Il destino dei due giovani si incrocia con quello di Skorzeny, ormai famoso per la liberazione di Mussolini, in una serie di operazioni segrete decisive per le sorti del conflitto mondiale. Finito il conflitto, Skorzeny riesce a sfuggire alla condanna per crimini di guerra e a ritagliarsi un ruolo prezioso per gli americani in funzione antisovietica, sviluppando una rete di contatti tra i servizi segreti di più Paesi e, parallelamente, tessendo i fili di una vasta cospirazione. Eleuterio e Ada si mettono sulle sue tracce, scatenando una caccia che li porterà a essere risucchiati nel vortice delle tensioni e degli intrighi della Guerra Fredda, prima della resa dei conti finale con l’agente nazista.

Con il romanzo "Il nazista che visse due volte” (Newton Compton, 2022, pp. 352, anche e-book) Andrea Frediani ci conduce sulle tracce di Otto Skorzeny, definito dai suoi nemici “l’uomo più pericoloso d’Europa”.

A Frediani chiediamo perché ha deciso di raccontare la vicenda di un uomo tanto controverso e ambiguo:

«Piuttosto, c’è da chiedersi come mai nessuno l’avesse mai raccontata in forma di romanzo! A parte Skorzeny, intendo, che ha scritto nel 1970 la propria autobiografia intitolandola, non a caso, "Vivere pericolosamente”. Senza alcuna ammirazione, beninteso, per un uomo che ha continuato a rappresentare fino alla sua morte un punto di riferimento per un regime spietato e per i sogni di rivalsa dei nazisti delusi dalla sconfitta, bisogna riconoscere che la sua esistenza è stata tra le più ricche e interessanti del XX secolo. Come fai a non raccontare la storia di un SS austriaco che si è fatto il fronte russo, ha liberato Mussolini, travestito tedeschi da americani infiltrandoli nelle loro linee durante la battaglia delle Ardenne, è stato processato per crimini di guerra, è evaso dal carcere, è stato in Argentina come guardia del corpo di Peron e forse amante di Evita, è stato trafficante d’armi, possidente terriero in Irlanda, addestratore di terroristi in Egitto, forse collaboratore della CIA, assassino di scienziati nazisti a libro paga degli egiziani per conto del Mossad?».

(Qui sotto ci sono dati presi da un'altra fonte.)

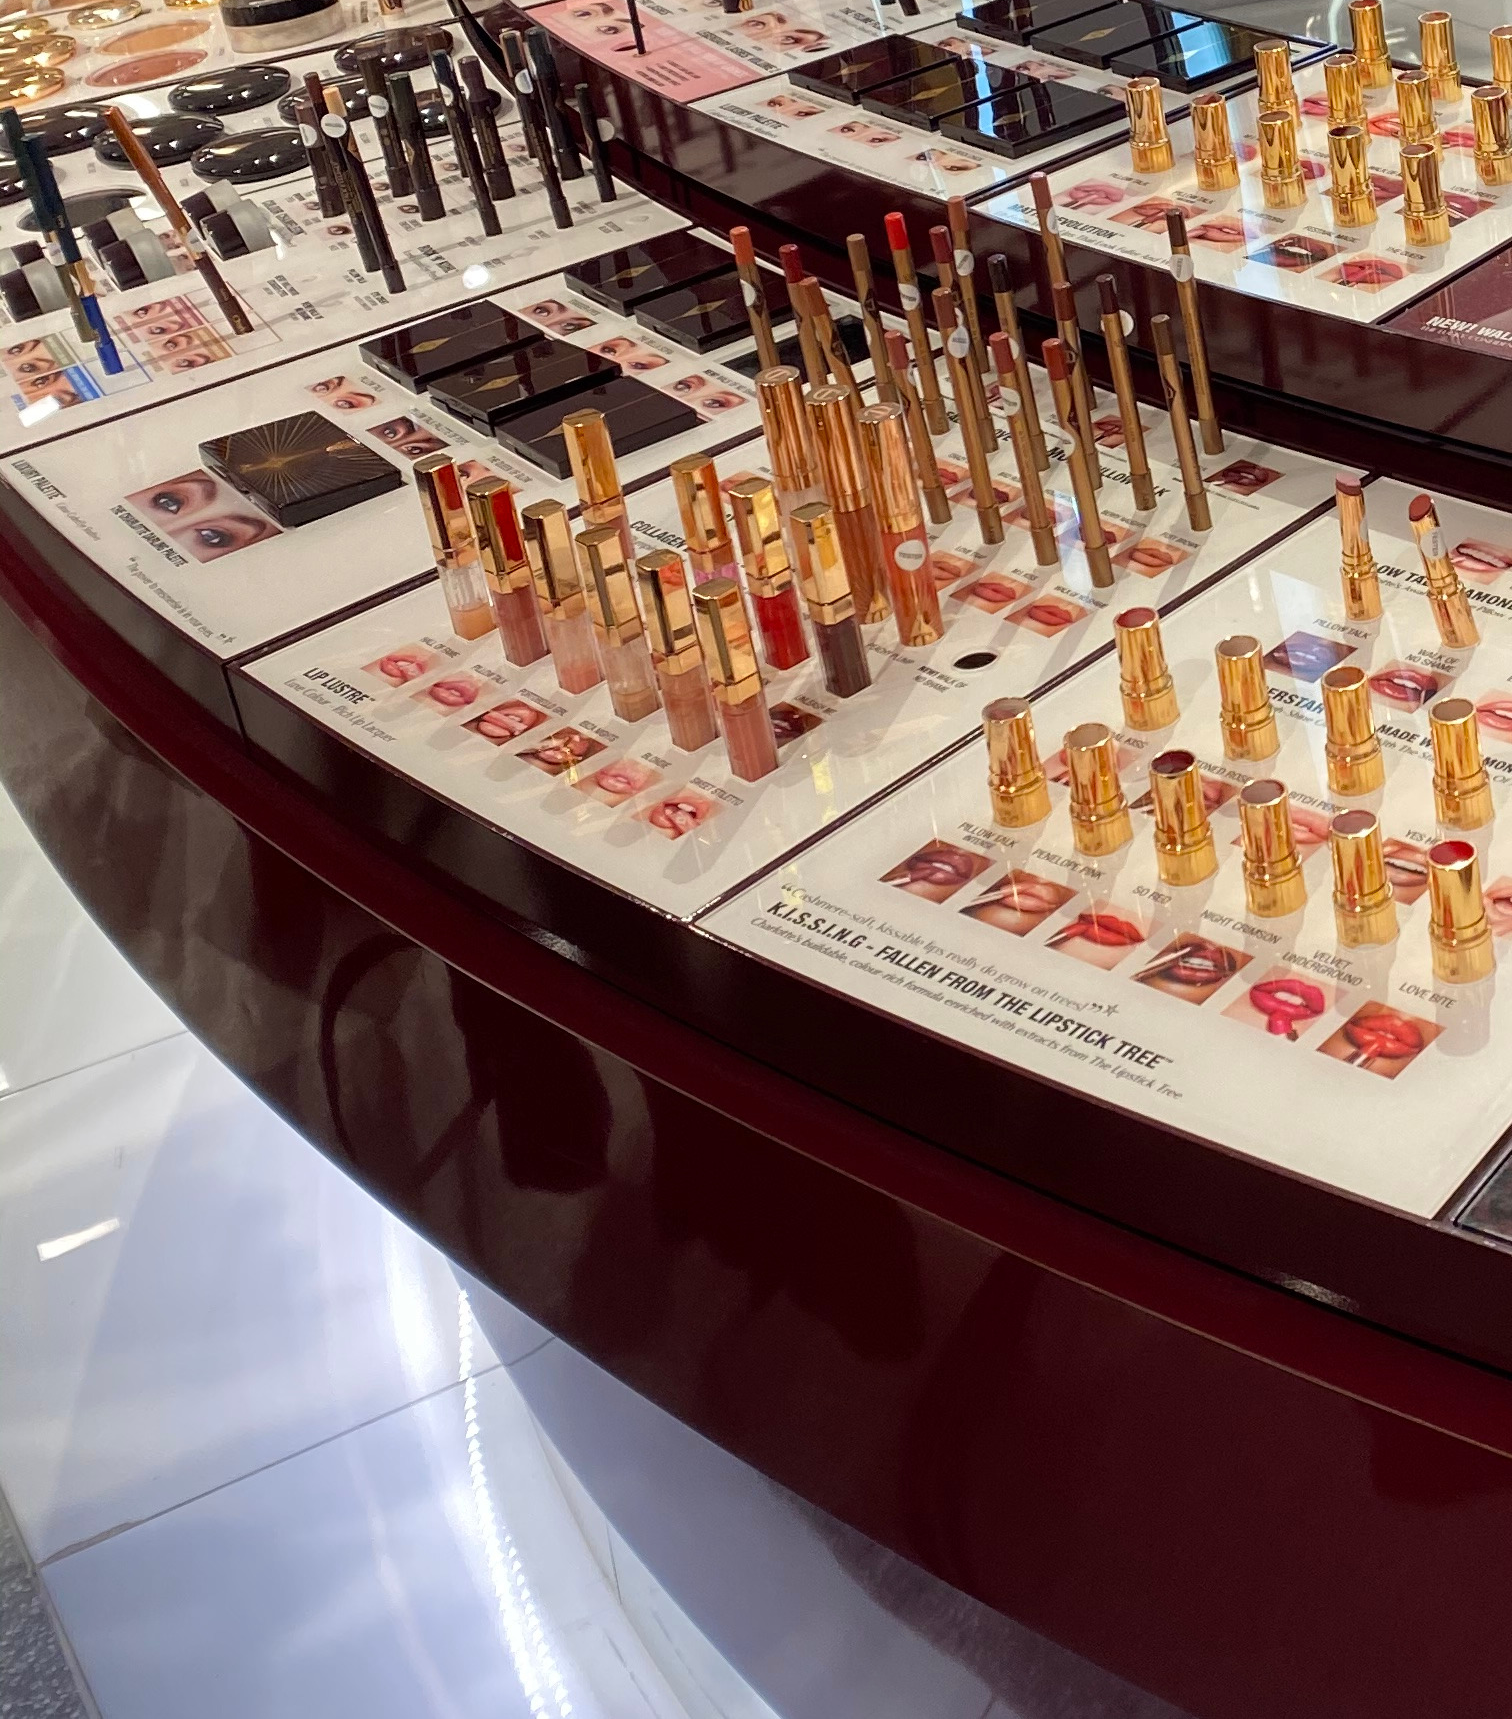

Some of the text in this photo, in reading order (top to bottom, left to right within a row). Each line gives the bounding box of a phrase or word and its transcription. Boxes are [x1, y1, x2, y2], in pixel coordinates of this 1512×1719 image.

Quali sono state le fonti a cui si è ispirato per il romanzo?

«Per la prima parte della sua vita, quella che arriva fino alla fine della Seconda guerra mondiale, principalmente la già citata autobiografia, che naturalmente va stemperata con altre fonti più ufficiali, stante la ben nota tendenza di Skorzeny a tessere le proprie lodi. Molte sue imprese rientrano nella cronaca del conflitto, mentre per il dopoguerra e per il suo ruolo nella Guerra fredda, nell’evoluzione dei regimi populisti, militari e di destra dell’America Latina, come anche per la sua discussa collaborazione col Mossad, le fonti sono molto più confuse, e vanno rintracciate in diversi documenti desegretati solo in tempi recenti, in memorie di ex agenti segreti e in articoli giornalistici».

Andrea Frediani (foto concessa)
Andrea Frediani (foto concessa)
Andrea Frediani (foto concessa)

So che a questo libro lei è particolarmente legato: per quali ragioni? Ce le vuole raccontare?

«C’era un altro paio di storie che volevo raccontare, e piuttosto che scrivere tre libri distinti ho deciso di fonderle in un solo volume, che racconta la vicenda di tre protagonisti. Oltre a Skorzeny, volevo parlare di una ragazza, che impersona una mia amica finita da bambina in un istituto gestito dalle suore con metodi educativi di fronte ai quali oggi inorridiremmo. Ma soprattutto, intendevo raccontare la storia dello zio di mio padre, Eleuterio Rea, un giovane sottotenente di artiglieria vittima di uno degli eccidi-satellite di quello di Cefalonia all’indomani dell’8 settembre, precisamente nell’isola di Kos, dove oltre un centinaio di ufficiali italiani vennero giustiziati dopo la resa. Il suo corpo è uno dei pochi che non sono stati mai ritrovati, quindi ho immaginato che, in un modo o nell’altro, fosse sopravvissuto e fosse diventato un agente segreto».

La copertina del libro
La copertina del libro
La copertina del libro

Come è stato raccontare una vicenda in cui in qualche modo è emotivamente e personalmente coinvolto?

«In realtà, spesso inserisco esperienze personali nei miei romanzi. In questo caso, l’ho fatto in modo manifesto, arrivando addirittura a inserire, alla fine, un cameo di me stesso – da bambino -, un po’ come usava fare Hitchcock nei suoi film. Non ho mai incontrato il mio prozio, ovviamente, ma nella fiction ho fatto in modo che accadesse, ed è stato emozionante».

Perché c’è ancora tanto interesse per le vicende del fascismo, del nazismo e della Seconda guerra mondiale?

«Io ho scritto soprattutto di storia romana e medievale, e sono laureato in storia medievale. Ma avrei potuto tranquillamente laurearmi in storia contemporanea, e mi sono diplomato al liceo classico con una tesina sul nazismo. Se ho scritto tanto sul passato remoto è a causa delle richieste editoriali. Solo negli ultimi anni ho insistito presso l’editore per scrivere anche romanzi ambientati durante la Seconda guerra mondiale, soprattutto per entrare nei dibattiti che, oggi, sono più vivi che mai sulla valenza storica di nazismo e fascismo. Se ne sentono e leggono tante, soprattutto adesso che Internet dà voce a tutti: la storia recente è affrontata dai non addetti ai lavori in modo strumentale e ideologico, quindi mi pare giusto che chi ha gli strumenti per presentare un quadro oggettivo e realistico degli eventi entri in campo».